Neden sorusunu sorduğun zamanlara dikkat et. Beklenmedik bir şey olur ve olan seni memnun ederse nedenini düşünmezsin bile. Neden diye sorduğun zamanlar, beklenmedik olanın sende memnuniyetsizlik yarattığı zamanlardır. Neden sorusu senin psikolojinle ilgilidir ve psikolojinin kabullenemediği durumlara verdiği tepkidir. Zihninin, kabullenemediği bir durumu kavranabilecek hale getirebilmek için onu oluşun kesintisiz bütünlüğünden kopararak rasyonalize etme ve açıklama çabasıdır. Örneğin çok sevdiğin bir yakının amansız bir hastalığa yakalanır. Sen "neden o ?" diye sorar durusun kendi kendine. Sonra ölürse eğer, artık bunun nedeninin o hastalık olduğunu biliyorsundur ve bu ölüm için tekrardan bir "neden?" sorusu doğmaz. Nedenini bilmediğin o amansız hastalığı artık kanıksamışsındır ve ondan sonrası açık ve görünür olmuştur senin için, ölümün nedeni o hastalıktır.

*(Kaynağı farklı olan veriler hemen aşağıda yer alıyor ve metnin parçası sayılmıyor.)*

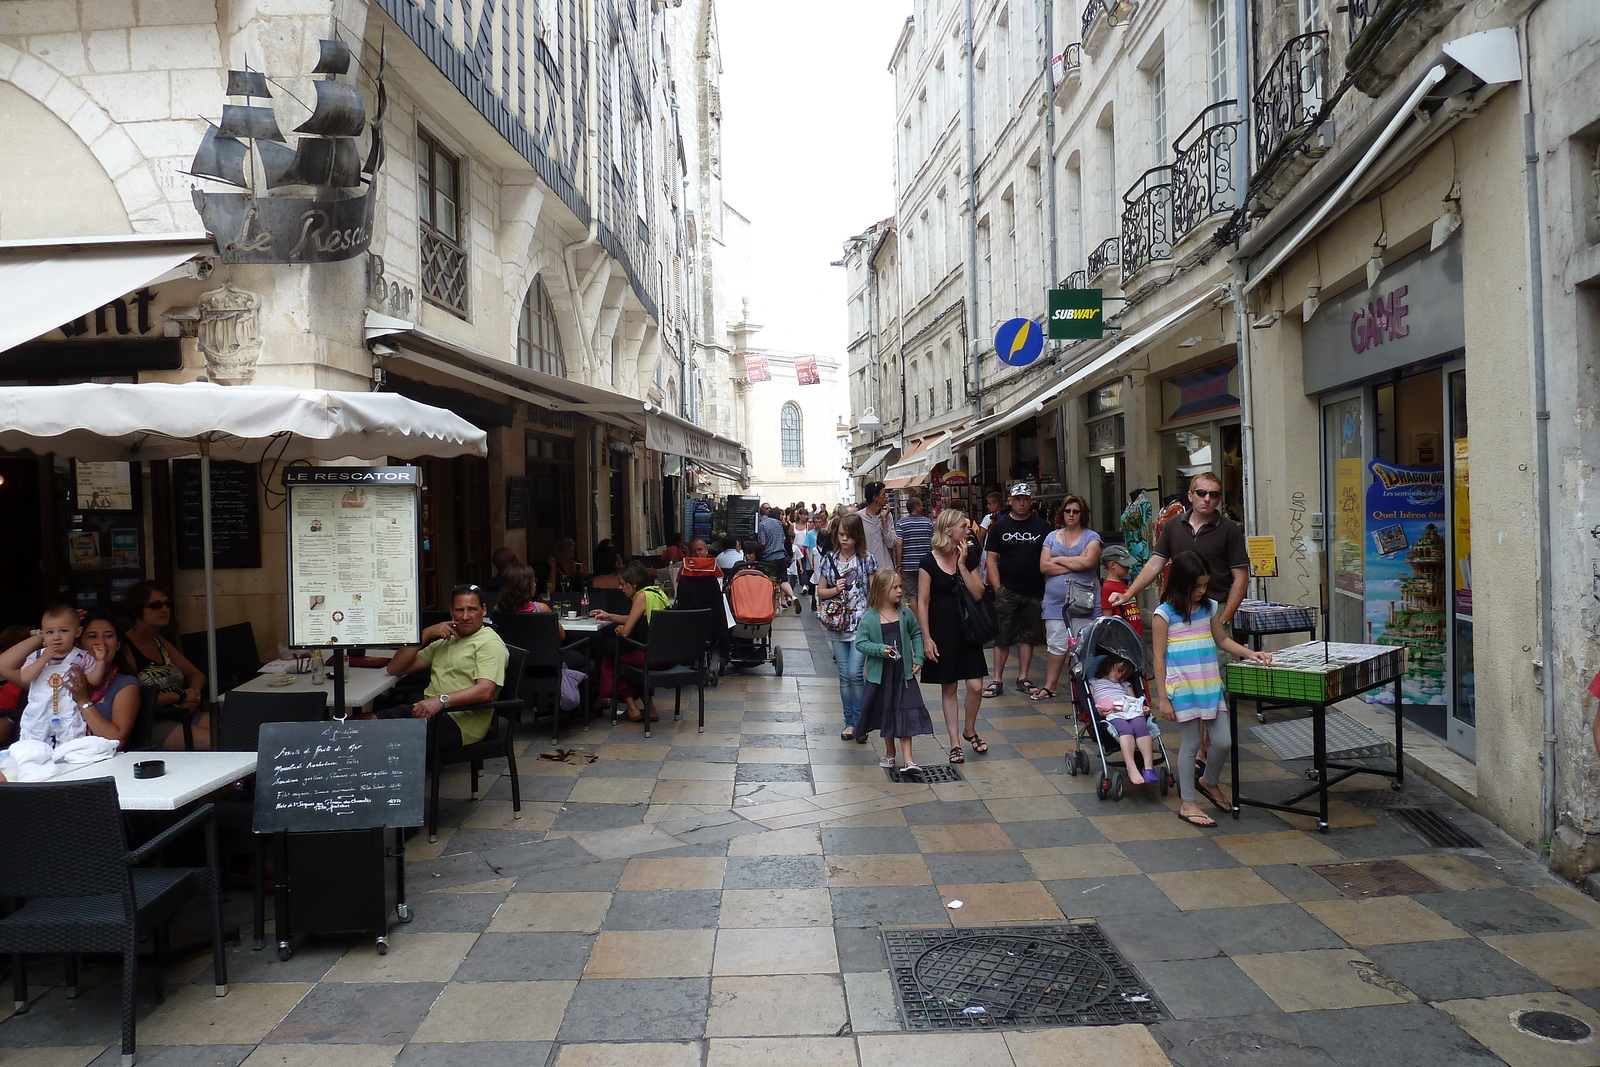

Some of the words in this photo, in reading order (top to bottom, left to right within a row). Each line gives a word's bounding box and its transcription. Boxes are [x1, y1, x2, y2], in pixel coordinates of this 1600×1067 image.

[227, 207, 271, 252] Le
[365, 250, 414, 316] Bar
[1052, 308, 1101, 320] SUBWAY
[1351, 285, 1409, 354] GAME
[287, 472, 308, 481] LE
[315, 472, 410, 480] RESCATOR
[1372, 463, 1430, 490] DRAGON
[1373, 511, 1397, 521] Quel
[1400, 510, 1427, 519] héros

Neden; oluşun senin görüş alanın dışında kalan bölümüne verdiğin isimdir. Neden, yalnızca senin zihninde varolan bir kavramdır. Varoluşta ne nedenler ne de sonuçlar vardır, o bölünmez bir bütündür, kesintisiz bir akıştır. Varoluşta herşey kesintisizce birbirinin hem nedeni hem de sonucudur, herşey birdir, tek bir bütünlüktür. Aradan münferit nedenler cımbızlanamaz. Bunu yapmak, yalnızca zihnin kendi kendini kandırmasıdır. Bu açıdan bakıldığında neden ve sonuç kavramı olanı olduğu gibi göremeyen zihninin durumu kavramak için kurguladığı diyalektik bir modeldir. Böyle bir bölünme analiz ve kıyas yöntemiyle işleyen zihinde mevcuttur. Neden diye sormanın nedeni kendini oluştan ayırmak, oluşla bir olup akamamak, oluşa direnmekdir.

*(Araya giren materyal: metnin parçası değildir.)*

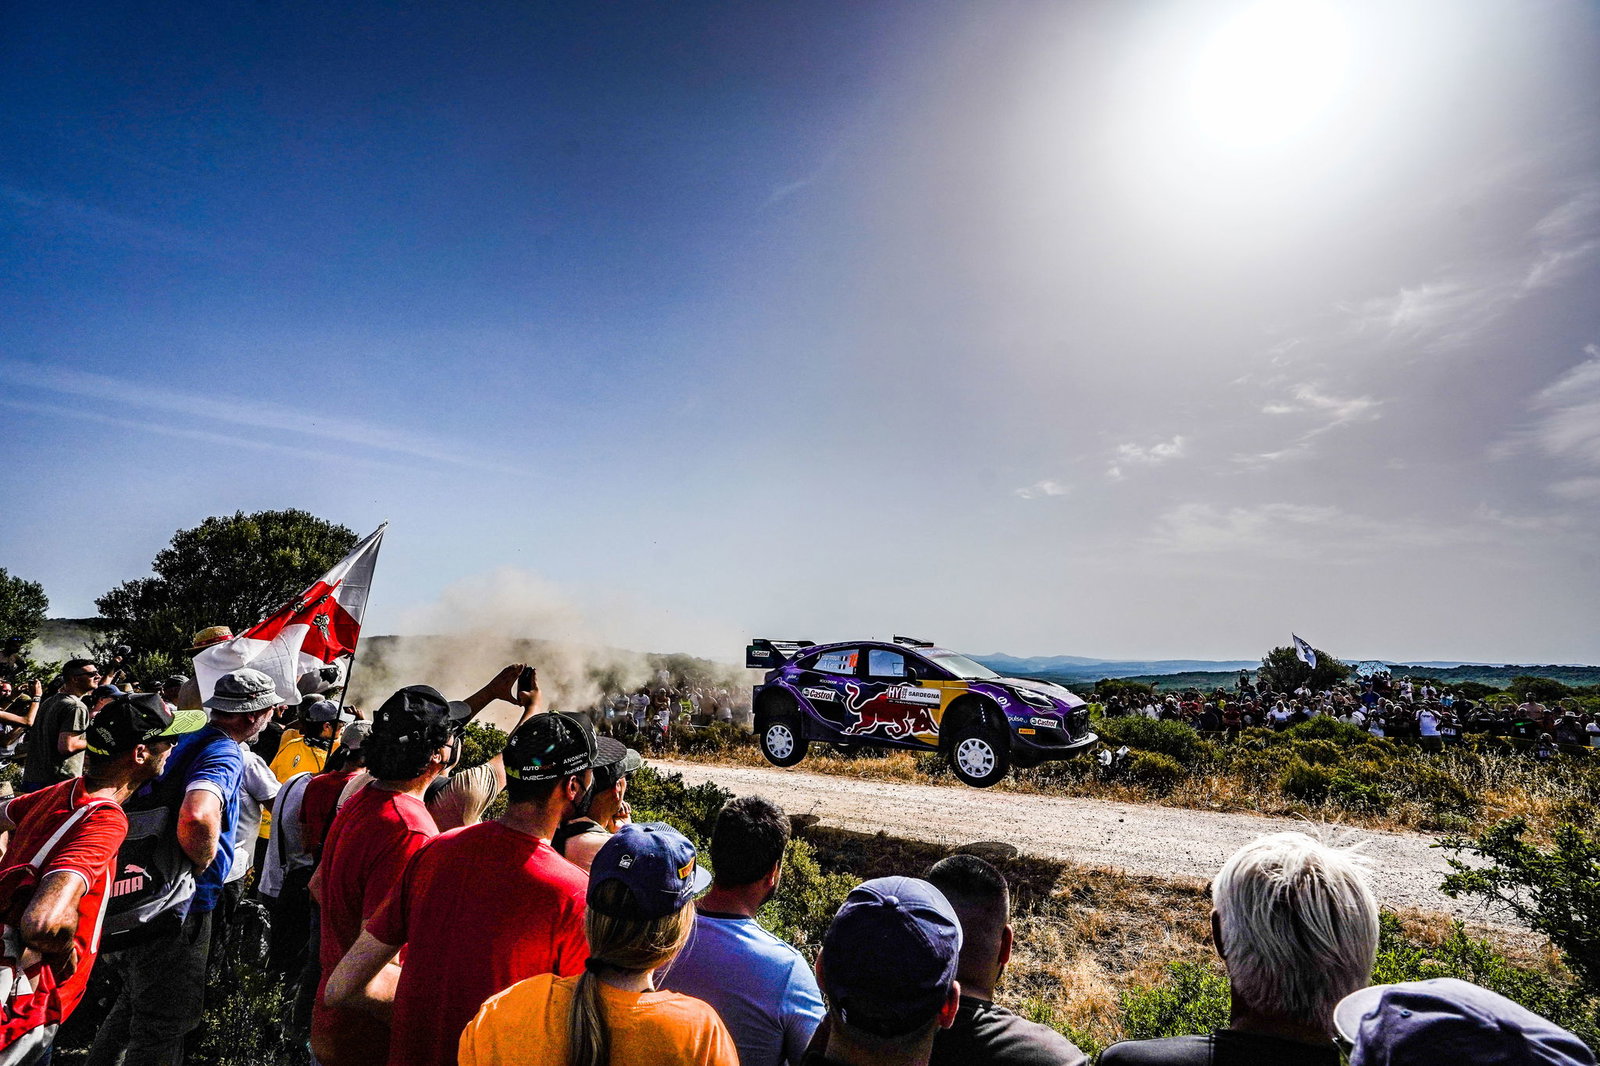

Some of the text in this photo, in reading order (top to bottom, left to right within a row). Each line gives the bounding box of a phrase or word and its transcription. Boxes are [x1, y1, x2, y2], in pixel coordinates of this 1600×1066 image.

Neden ancak psikolojik olarak vardır, neden senin psikolojindir, neden sensin.


Zihin sadece dualite içinde varolabilir. Düalite aşıldığında zihin de ortadan kalkar. Düalitenin dolayısıyla zihnin ötesine geçirecek sezgisel kavrayış uyanmadan önce algı için zihin tek araçtır. Ancak zihnin, olmakta olanı anlama stratejisi olarak icat edip kullandığı sebep-sonuca dayalı bu diyalektik model dahi kendi içinde hatalıdır. Diyalektik olarak bakıldığında hakikat bilinenin tersine işler. Sonuç daima nedenden önce varolur. Ağaç meyveden önce gelse de hakikatte meyve önce gelir. Ağaçtan maksat meyvedir. Niyet önce gelir. Oluşta en son vuku bulan varoluşta önce gelir.